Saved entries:
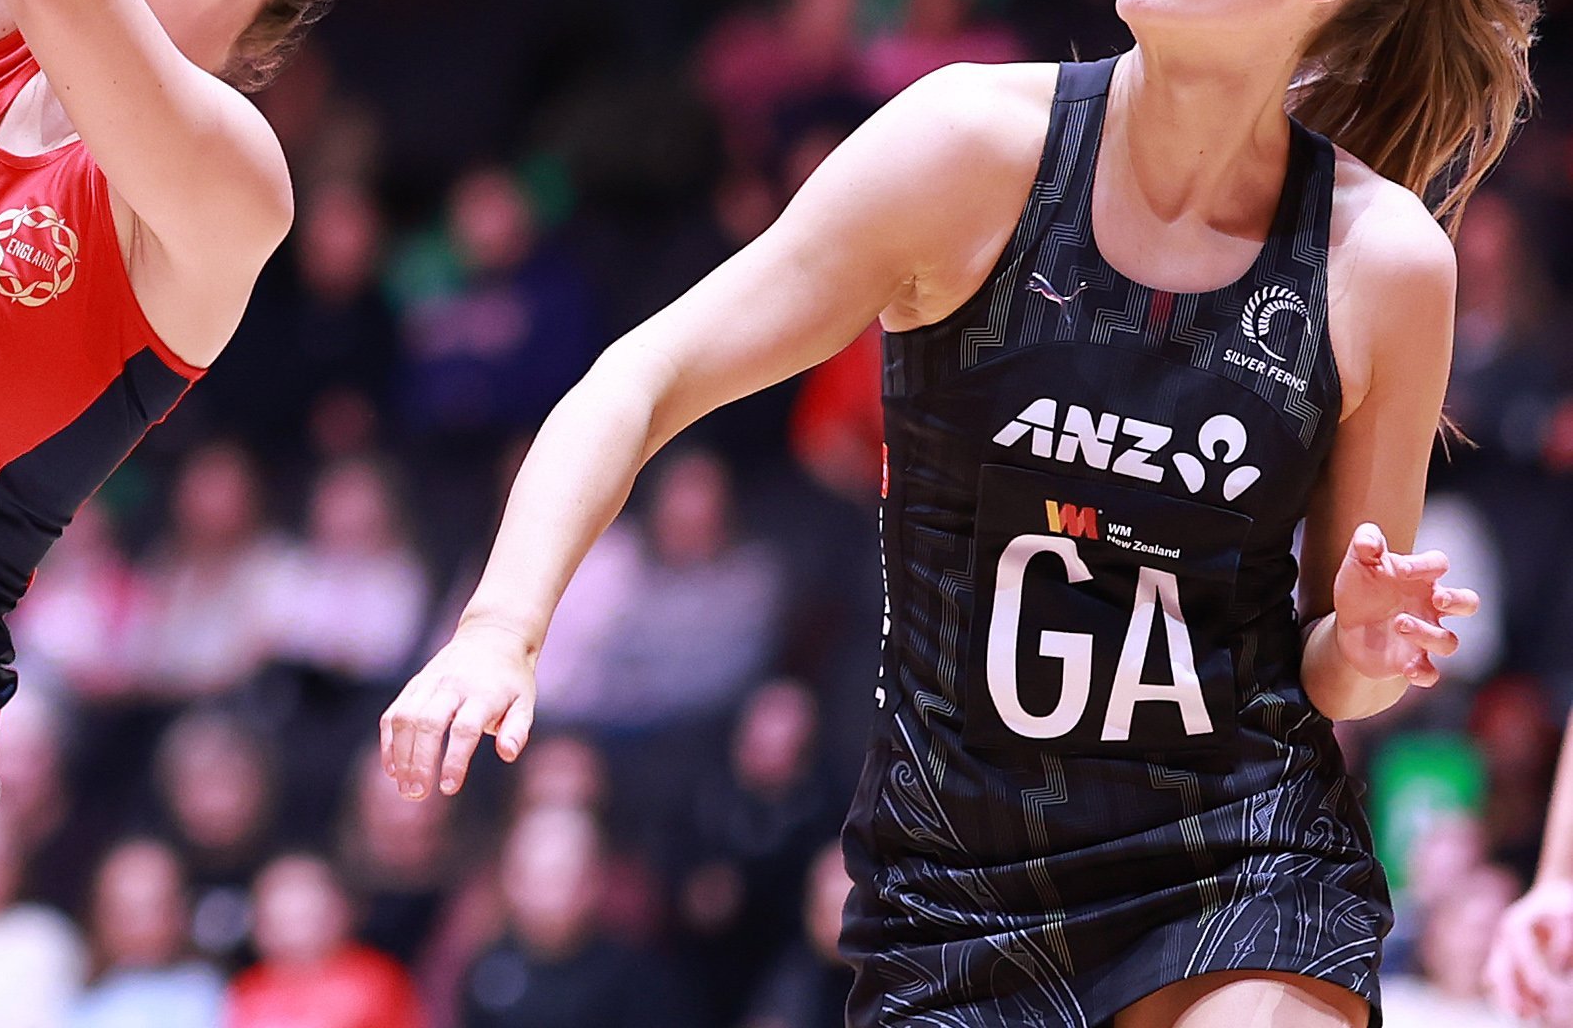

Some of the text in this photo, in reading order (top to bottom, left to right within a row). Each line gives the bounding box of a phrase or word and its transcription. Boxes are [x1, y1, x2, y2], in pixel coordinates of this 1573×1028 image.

[5, 237, 55, 272] ENGLAND
[1223, 349, 1307, 392] SILVER FERNS
[992, 397, 1173, 483] ANZ
[1107, 534, 1180, 559] New Zealand
[1108, 523, 1132, 537] WM
[987, 533, 1213, 741] GA

#### [DESCRIPTION OF THE TASK]
When you repeat the data, keep every line exact and drop the images.

#### [OUTPUT FOR THIS EXERCISE]
Some of the text in this photo, in reading order (top to bottom, left to right within a row). Each line gives the bounding box of a phrase or word and its transcription. Boxes are [x1, y1, x2, y2], in pixel coordinates of this 1573×1028 image.

[5, 237, 55, 272] ENGLAND
[1223, 349, 1307, 392] SILVER FERNS
[992, 397, 1173, 483] ANZ
[1107, 534, 1180, 559] New Zealand
[1108, 523, 1132, 537] WM
[987, 533, 1213, 741] GA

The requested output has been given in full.